Lines 255-258 describe a difference between your work and those of Puebla et al. I would have liked more here, expounding on the meanings of these differences in findings. Do you have any hypothesis or even overarching theory as to why an external memory is important here?

Experimental design

The paper is clearly written in most places and provides information on the experiments carried out but not an appropriate amount to situate this fully into the literature. Citing relevant papers in the literature is the first step, which seems to be attempted to a point, but the authors could also explain how their work is situated and what it builds on more. What theoretical account or position on schemas does this modelling work espouse? And in the discussion: what do the results mean for the literature and schema theory as well as for connectionist modelling? To be very blunt, I am not convinced the authors have engaged enough with the literature they cite and/or appropriately cite it.

The experiments' rationale is explained since the authors wish to show that it is possible to train networks to perform dynamic role-filler binding. However, as I mentioned already there needs to be more information to explain why these questions are important to psychology, connectionism, etc.

The supplementals could be, and maybe should be, incorporated into the main text and the code repository also linked to from the main manuscript.

Validity of the findings

I would be better placed to comment on this if the manuscript had more context here and explained the important details relevant to situating these findings into the wider field.

·

Basic reporting

This paper reports artificial neural network simulation results exploring various network architectures in search of one that can learn to process encoded “word” sequences in such a way so as to allow the network to correctly identify the word that fills a particular event schema role that is queried after sequence presentation. Importantly, a network is sought which can learn this task (1) without roles being explicitly labeled in the word sequence and (2) in a way that generalizes to arbitrary role-filler combinations.

For the most part, the article is clear and easy to read. The simulations appear to have been performed with competence, and the simulation results reveal salient differences in the capabilities of various network architectures to master the targeted role-filler binding task from training data.

There are three primary ways in which the presentation of this work could be improved, clarifying its contribution to the relevant literatures.

First, further technical detail is needed concerning the simulations that were performed, allowing for replication of the work. Some of the important missing details are outlined below.

Second, the document needs to be extremely explicit about what the authors view as sufficient evidence that a network can “perform role-filler binding”. I suspect that some readers will firmly reject the provided interpretation of the simulation results because they are committed to a conception of “role-filler binding” that is defined by some formal computational properties rather than defined by behavioral capabilities. The manuscript needs an explicit statement approximately of the form, “We interpret any system exhibiting behavior with properties X, Y, & Z as capable of performing general role-filler binding.” Ideally, this statement would be supported by citations to publications that make use of similar operationalizations of the notion of role-filler binding. (If this capability is thought to be exercised by humans during language understanding, there must be some aspects of human linguistic behavior that justify ascribing this capability to people.) I expect that being explicit about this matter will make transparent the degree to which residual contention is merely the result of different theoretical commitments concerning the defining characteristics of “role-filler binding”.
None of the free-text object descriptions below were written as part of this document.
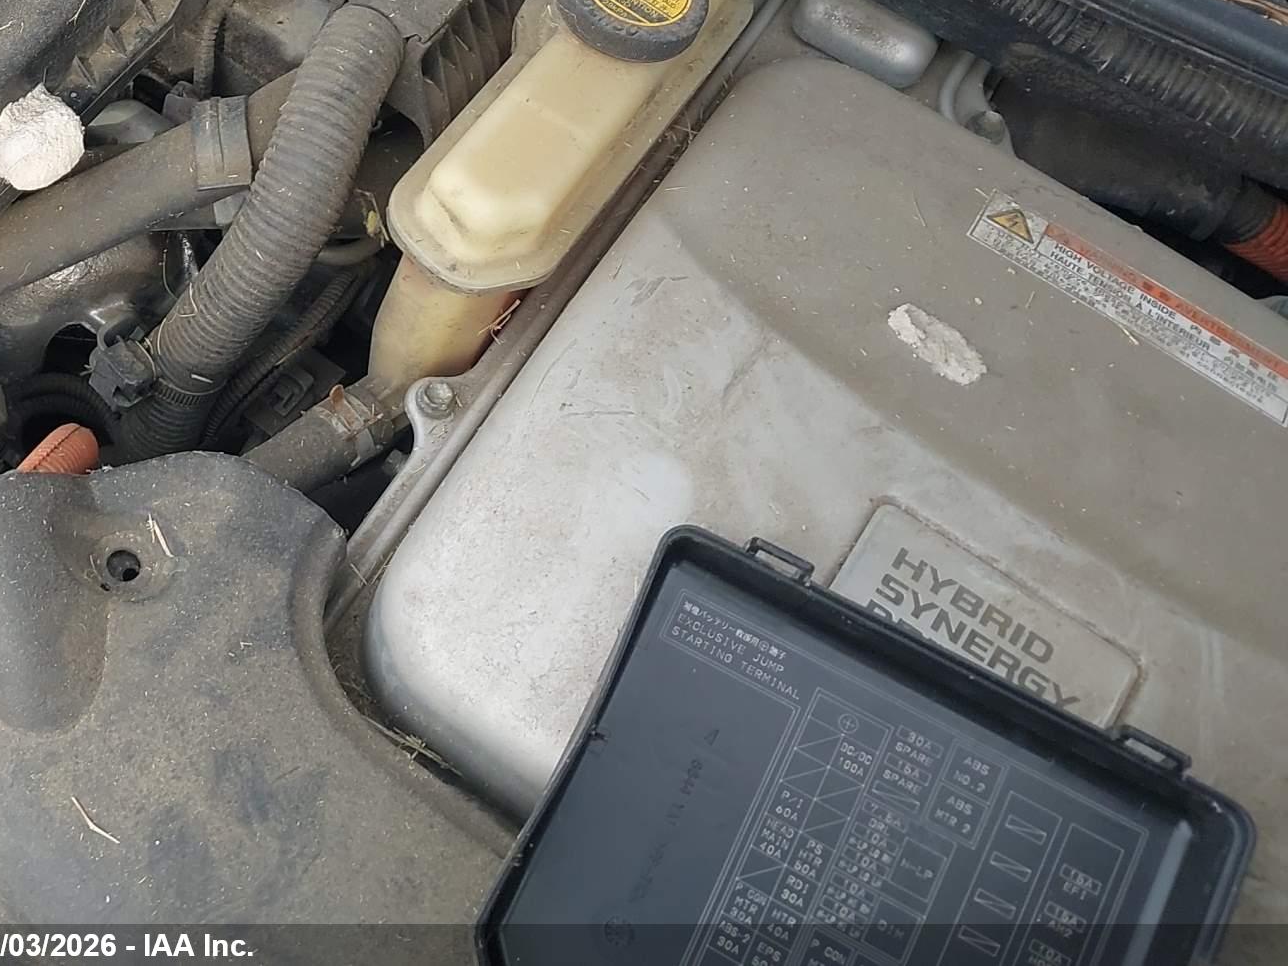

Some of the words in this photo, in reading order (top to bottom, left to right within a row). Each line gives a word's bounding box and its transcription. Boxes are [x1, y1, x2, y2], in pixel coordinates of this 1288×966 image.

[1050, 251, 1083, 274] HAUTE
[1088, 272, 1132, 303] TENSION
[1054, 243, 1082, 263] HIGH
[1087, 261, 1136, 295] VOLTAGE
[1139, 293, 1177, 320] INSIDE
[891, 547, 1054, 664] HYBRID
[676, 612, 746, 656] EXCLUSIVE
[752, 650, 785, 674] JUMP
[875, 573, 1081, 709] SYNERGY
[671, 624, 733, 664] STARTING
[741, 660, 800, 700] TERMINAL
[907, 732, 932, 751] 30A
[840, 742, 872, 765] DC/DC
[895, 741, 934, 767] SPARE
[839, 756, 864, 777] 100A
[897, 759, 921, 780] 15A
[963, 756, 990, 776] ABS
[882, 769, 924, 796] SPARE
[775, 805, 798, 822] 60A
[946, 796, 973, 816] ABS
[765, 817, 795, 839] HEAD
[867, 817, 890, 837] DRL
[759, 841, 782, 859] 40A
[761, 828, 790, 851] MAIN
[806, 840, 824, 856] PS
[735, 881, 745, 892] P
[746, 889, 769, 907] CON
[780, 888, 804, 908] 30A
[730, 906, 753, 925] 30A
[734, 896, 758, 915] MTR
[772, 908, 797, 928] HTR
[767, 923, 790, 941] 40A
[717, 935, 740, 954] 30A
[757, 941, 782, 963] EPS
Third, the article should more thoroughly highlight the most focal feature of this work — the ability to perform using completely novel fillers. The current draft seems to put emphasis on the lack of explicit role labels, discussing the capability to deal with arbitrary fillers in a somewhat secondary way. While both of these features are important to the reported work, the ability to deal with completely novel fillers in a learning network seems to provide the focal contribution to the literature. (This emphasis does appear in some portions of the paper, such as “This occurs with words that were never seen during training, and with inputs that do not explicitly encode role-filler pairs.” [lines 48-50]) Consider, for example, that the Sentence Gestalt (SG) network (St. John & McClelland, 1990) received input word sequences without role labels, but it was able to answer role queries very similar to the ones that were used in the simulations reported here. Other work with simple recurrent networks (Elman, 1990) did not involve explicitly answering role queries, but still discussed networks that learned role bindings in a manner that improved prediction tasks. Thus, the focal contribution of this work involves generalization to arbitrary filters. Of course, there has been previously published research involving systems that can handle arbitrary fillers but require role labels. (One important example of such research, which is not cited by this manuscript, involves the work on Holographic Reduced Representations (Plate, 1995), including their neural network implementation in the Semantic Pointer Architecture (Eliasmith et al., 2012).) Such past systems have not acquired the capability to use arbitrary filters in the context of learning, however. Thus, I would suggest, the focal contribution of the work reported in this article involves the ability to learn to process sequences in a manner that generalizes to completely novel fillers. This feature should be more clearly highlighted.

Experimental design

As previously mentioned, there are a variety of technical details that are important for understanding (and replicating) the reported work which have been elided in the current draft. Some of these details appear in the supplementary materials but would be appropriate for the body of the paper. For example, the information in the sections on “Epoch Sizes” and “Network Details” in the supplement should largely appear in the manuscript, proper. The use of “nonsense word” pads should also be mentioned in the primary manuscript, and further detail concerning the number and frequency of such padding words should be included. Making changes of this kind will, for example, make Figure 2 more clear, as the meaning of “epoch” will be made transparent. The number of filler vectors used (rather than describing them simply as a finite set [line 96]) would be welcome in the body of the paper. Other important missing technical details include:

* From what distribution were the 50-dimensional word vectors drawn [line 87]? Were they binary vectors? Were the elements selected independently and uniformly at random over some range? This distribution is important. For example, the Fast Weights architecture could benefit from binary representations.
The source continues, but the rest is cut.